# Bond angles and intermolecular forces present?

May 30, 2016

Here's what I got.

#### Explanation:

You can give the approximate value of those angles by looking at the hybridization of the two adjacent carbon atoms.

For angle $\alpha$, the carbon atom, which belongs to a carboxyl group, $- \text{C"("O")"OH}$, is surrounded by three regions of electron density

• a single bond to the oxygen atom that belongs to the hydroxyl group, $- \text{OH}$
• a double bond to the other oxygen atom
• a single bond to another carbon atom

This means that the carbon atom has a steric number equal to $3$, and thus uses $3$ hybrid orbitals to form the aforementioned bonds.

As a result, this carbon atom will be ${\text{sp}}^{2}$ hybridized, which implies that the $\alpha$ angle is approximately ${120}^{\circ}$.

For angle $\beta$, the carbon atom, which belongs to a methyl group, $- {\text{CH}}_{3}$, is surrounded by four regions of electron density

• a single bond to another carbon atom
• three single bonds to hydrogen atoms

This carbon has a steric number equal to $4$, and thus uses $5$ hybrid orbitals to form the aforementioned bonds.

As a result, this carbon atom will be ${\text{sp}}^{3}$ hybridized, which implies that the $\beta$ angle is approximately ${109.5}^{\circ}$.

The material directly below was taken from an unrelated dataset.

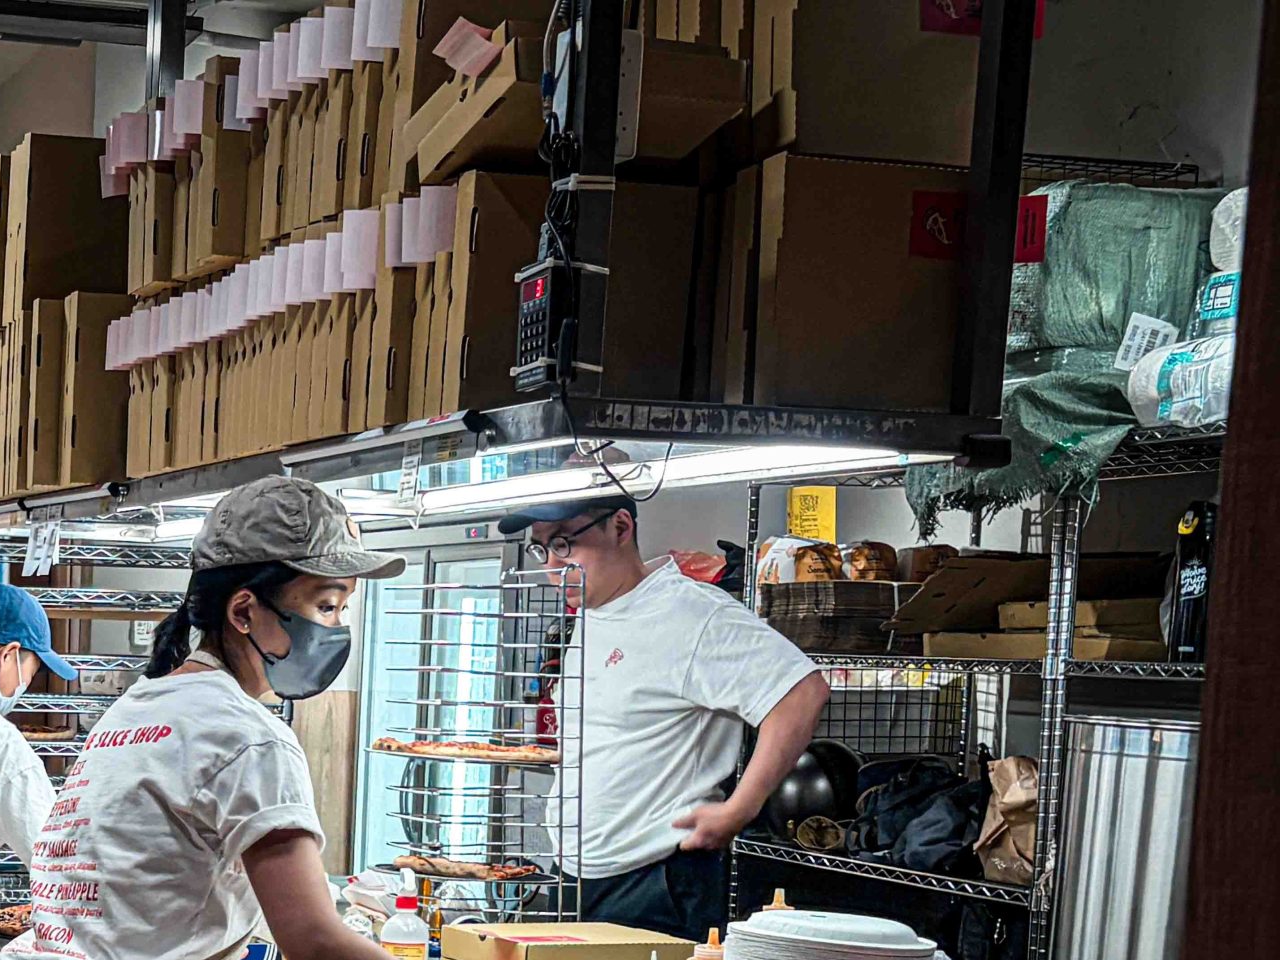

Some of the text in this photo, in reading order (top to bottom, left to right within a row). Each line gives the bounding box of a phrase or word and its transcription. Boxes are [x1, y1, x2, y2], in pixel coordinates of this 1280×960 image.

[94, 730, 132, 748] SLICE
[129, 725, 172, 744] SHOP
[55, 881, 99, 901] PINEAPPLE
[38, 923, 74, 944] BACON

This can be seen by looking at a molecule of pyruvic acid

Now, a pyruvic acid molecule is polar because of the presence of the carboxyl group and of the carbonyl group, $- \text{C=O}$.

This means that it exhibits dipole - dipole interactions due to the existence of permanent dipoles.

Moreover, because pyruvic acid has a hydrogen atom directly bonded to an oxygen atom in the hydroxyl group, it can act as a hydrogen bond donor.

The molecule can also act as a hydrogen bond acceptor due to the presence of the carbonyl group, which means that pyruvic acid can form hydrogen bonds.

Finally, all molecules, regardless if they are polar or non-polar, exhibit London dispersion forces due to random variations in the distribution of their electron clouds.